Everquest ate my brain. This review may suck. Perhaps even more than my normal ones. You have been warned.
I'd like to thank the "Japanime 02" film festival for giving me the chance to see this film. According to the introduction the only celluloid copy (in 16mm no less) of the anime in existence, normally housed in a Japanese museum, and available only in exchange for funding restoration work on it. Sounded like someone put some serious work into getting it out here.
Loosely based on the original arabic legend. I have to assume very loosely, because otherwise the story is one of the most shallow but convoluted things i've ever experienced. It begins with the water seller Aldin arriving in the big city. However when he spots a beautiful slave girl being sold he's quick to forget his trade and become a "beautiful naked slave-girl thief". A quick run into the nearest deserted palace and a standing dive into bed for some naughty business. Which of course means she falls deeply in love with him. And then the story starts to get really complicated.

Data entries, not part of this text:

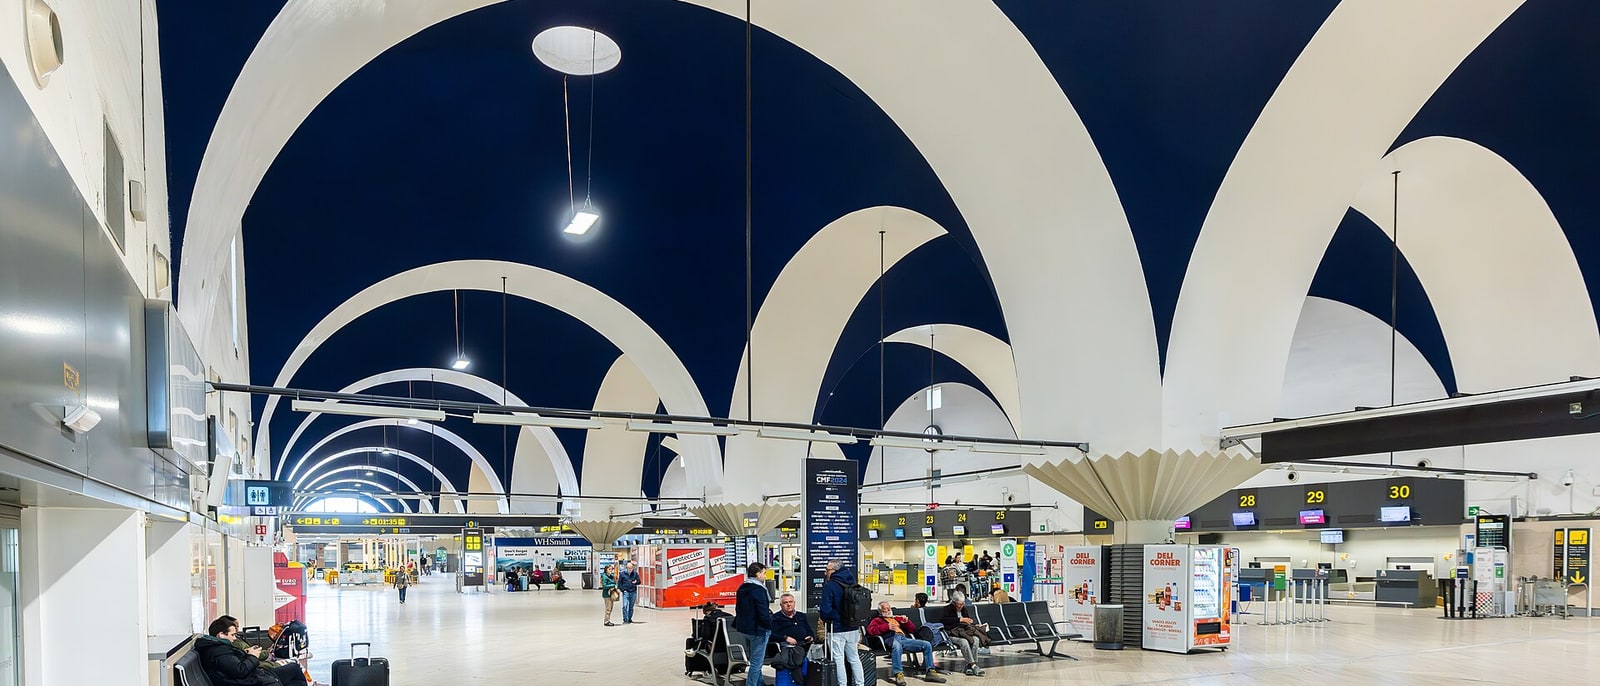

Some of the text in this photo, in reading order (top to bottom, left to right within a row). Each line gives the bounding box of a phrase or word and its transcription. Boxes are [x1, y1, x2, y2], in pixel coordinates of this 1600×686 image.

[1306, 490, 1325, 503] 29
[1389, 485, 1410, 499] 30
[1239, 495, 1256, 507] 28
[926, 515, 934, 524] 23
[958, 513, 967, 522] 24
[995, 511, 1005, 520] 25
[872, 519, 879, 527] 21
[898, 517, 906, 525] 22
[1150, 559, 1181, 567] CORNER
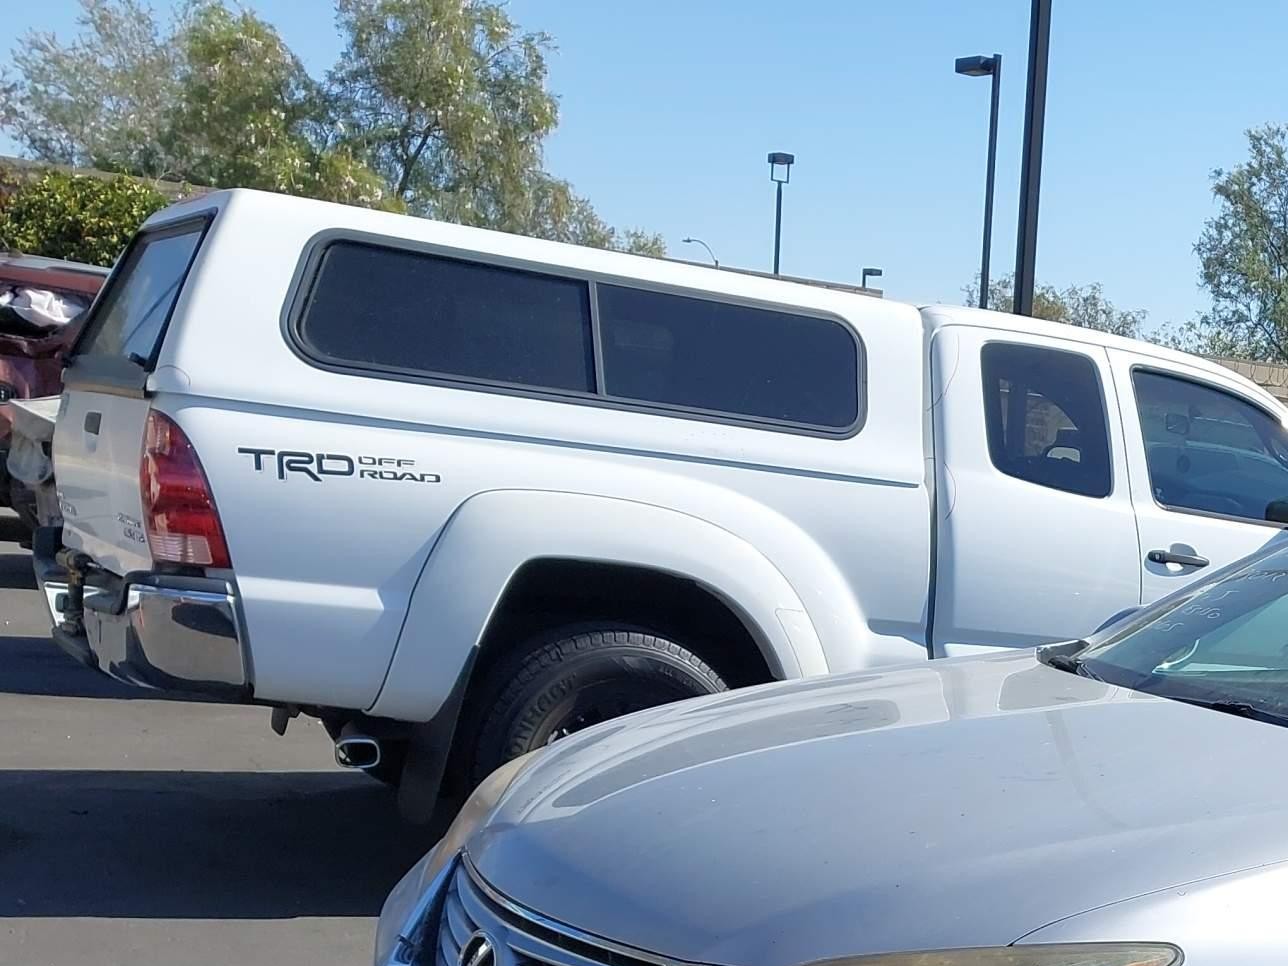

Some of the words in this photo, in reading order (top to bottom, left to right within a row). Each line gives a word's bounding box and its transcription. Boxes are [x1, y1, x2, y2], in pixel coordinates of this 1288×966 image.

[238, 447, 354, 482] TRD
[358, 456, 416, 468] OFF
[359, 469, 441, 483] ROAD
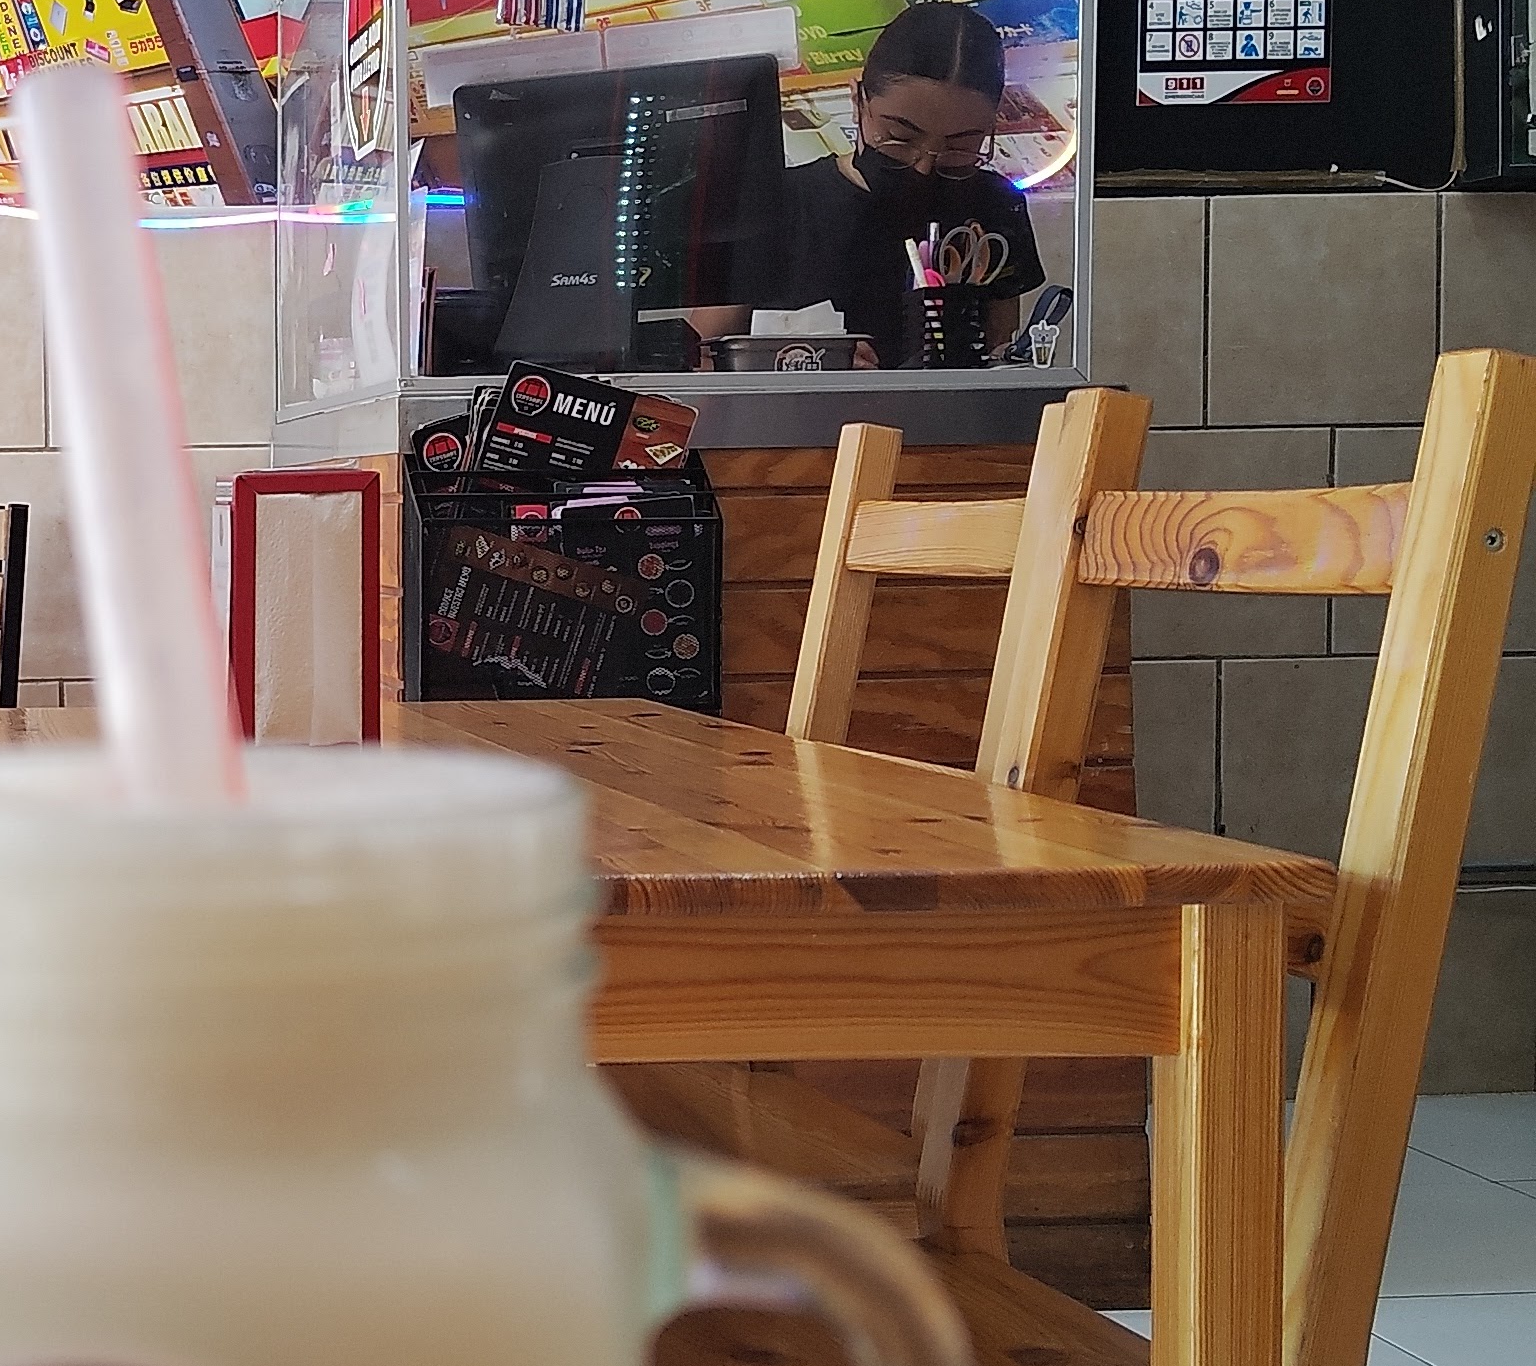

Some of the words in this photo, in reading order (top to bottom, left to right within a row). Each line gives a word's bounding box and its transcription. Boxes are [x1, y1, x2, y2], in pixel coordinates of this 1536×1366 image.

[695, 0, 713, 13] 3F
[28, 42, 80, 69] DISCOUNT
[1165, 77, 1205, 91] 911
[552, 392, 616, 427] MENÚ
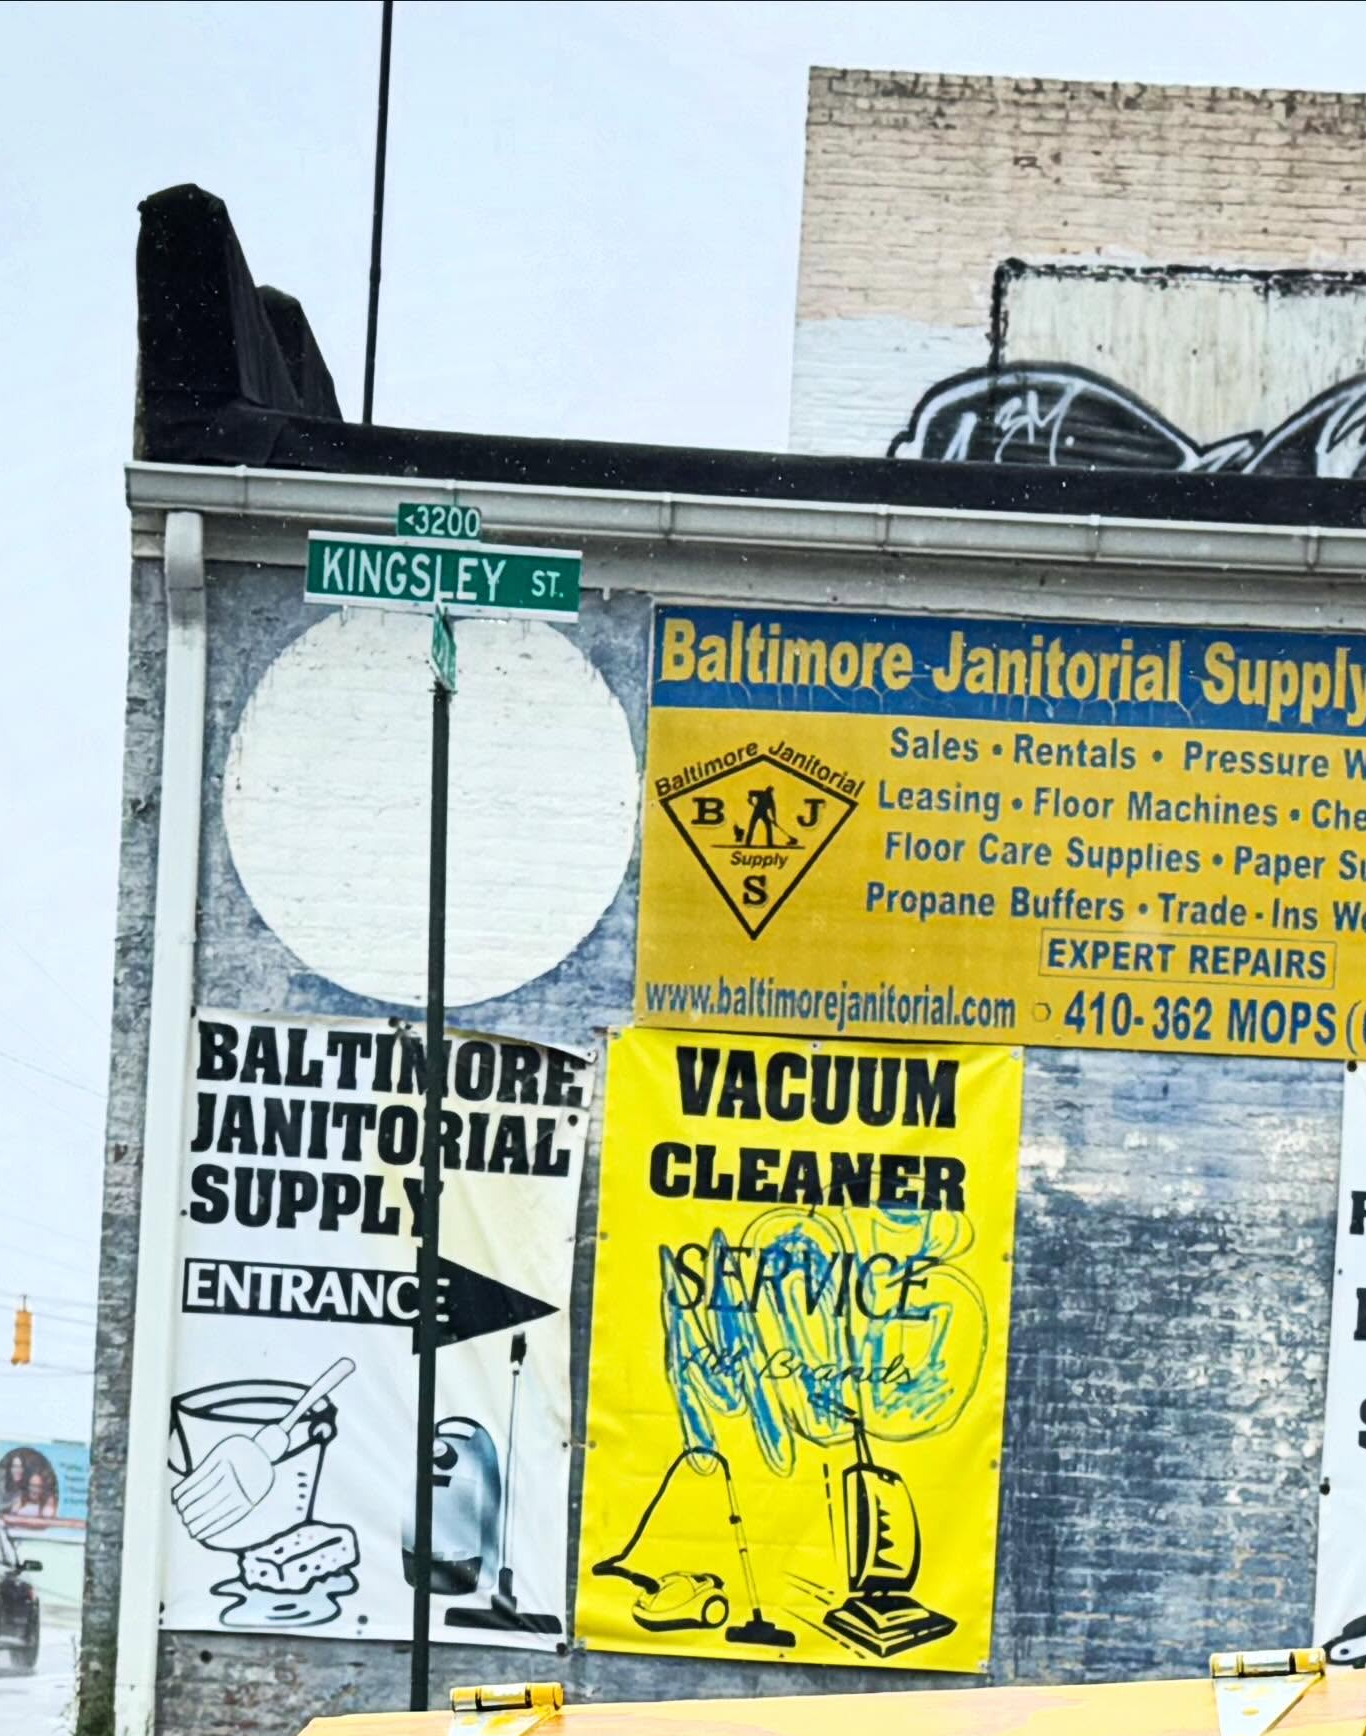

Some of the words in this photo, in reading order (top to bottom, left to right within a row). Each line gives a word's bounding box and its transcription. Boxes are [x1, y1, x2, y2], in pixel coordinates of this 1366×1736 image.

Indeed it's complicated enough I'm not even going to try to explain it. The essence is Aldin gets a chance to have a bit of action, adventure in strange lands and a lot of chances to meet strange women with clothing problems. Along the way he becomes rich, becomes maddened by power, almost commits the ultimate crime against Allah and then escapes the story as he began. You can see bits and pieces of the original story poking through, but it's more an excuse than something valued in its own right.
I got a real laugh out of this one. Having read some background I knew the movie was a historical piece, about as archaic as they come. However it was pretty clear a lot of people in the cinema didn't know that before the show started. The strangers sitting beside me both fell asleep at least once and it was pretty clear that those who had brought dates for some "anime erotica" were more than a little, um, surprised at the result. Starting it off with the terrible American add for the film was a brilliant touch, immediately letting people know what they were in for.
The first thing to mention is that, yes, this show is that old. It carries a powerful sense of history, but relatively little to offer the anime fan who wants the latest and greatest. The animation is crude, the story shallow and the flavor something from an alien time. It's hard to even connect it with modern anime. This is what makes it both terrible and fascinating at the same time.
So what does it have to offer? Well, the first thing it shows is that Americans have been doing terrible things to anime for a lot longer than I thought. The terrible intro add, the dodgy voice acting and the incredibly agressive and dated electric guitar with 70's vocals didn't really add to the experience. Which makes me also wonder about the faithfulness of the dub in a negative way. Some of the writing was so bad that the audience was either grimacing or giggling.
It also shows the foundation of adult anime. As I remember the lore is that this film was made so that Mushi films, the first anime studio, could make some cash to finish their flagship movie. As a result it has erotic content and even a bit of blood and gore. The amusing thing is that the erotic elements are strangely innocent by today's standards. There's a decent amount of nudity, lots of breasts and some suggestive dialog and animation designed to be titilating. Not only is there nothing explicit but they're so delightfully nervous and unsophisticated about it. There's no tension, no focus and no energy in it, so it becomes extremely flat. They know how to draw a breast, but not how to make the opportunity to see the breast a sexual element. Something more modern teen anime has become very good at, even when it contains less explicit nudity. It's almost charming in how naieve it is.
The story, and narrative sequence, is all over the place. Huge jumps, gaps and little coherence to it. The animation is much the same, lacking any sort of consistent feel to it. Strangely enough this is the best bit of the film. It's so obvious that they were making it all up as they went along. As a result there's unexpectedly advanced techniques like live footage being used, and even various mergings of live and animated footage. It doesn't work but it's very interesting. Likewise they're experimenting with backdrops, smoke effects and animation cycling (repeating sequences to save on the number of frames) throughout the film. Not to mention how to represent groups of people in motion. One can't help but feeling that not only did the creators face lots of challenges in the creation (especially meeting the budget) but that they were also willing to experiment above and beyond that. This freedom comes at a cost to the movie, but it's fun for someone trying to see the origin of techniques still used to day.
So in summary the film is too long, and too old, to contain much of interest to those not interested in anime history. Even those who are may find it difficult to connect this movie with more modern material. It really is almost proto-anime. The movie does have some good moments, even for the modern fan, but not nearly enough to fill up 100 minutes. The sense of design is interesting, the way Tezuka's line work is preserved (as well as his ideal of feminine beauty) is fun for those with some grounding in anime history. Some of the character animation is inventive, and some of the larger scenes (the desert battle and tower collapse) are actually quite impressive. But clearly the budget had a great say in how much time could be spent.
Special mention for the "pink" section on the isle of naked women. This was an attempt to express a wild orgy through suggestive imagery and undulating, interlocking, organic curves. It wasn't terribly erotic, but it was certainly unusual and strangely psychedelic. I should also support the "bandits daughter", the only female to show real character in the film. Pretty clear that Tezuka has always felt sympathy for the outlaw.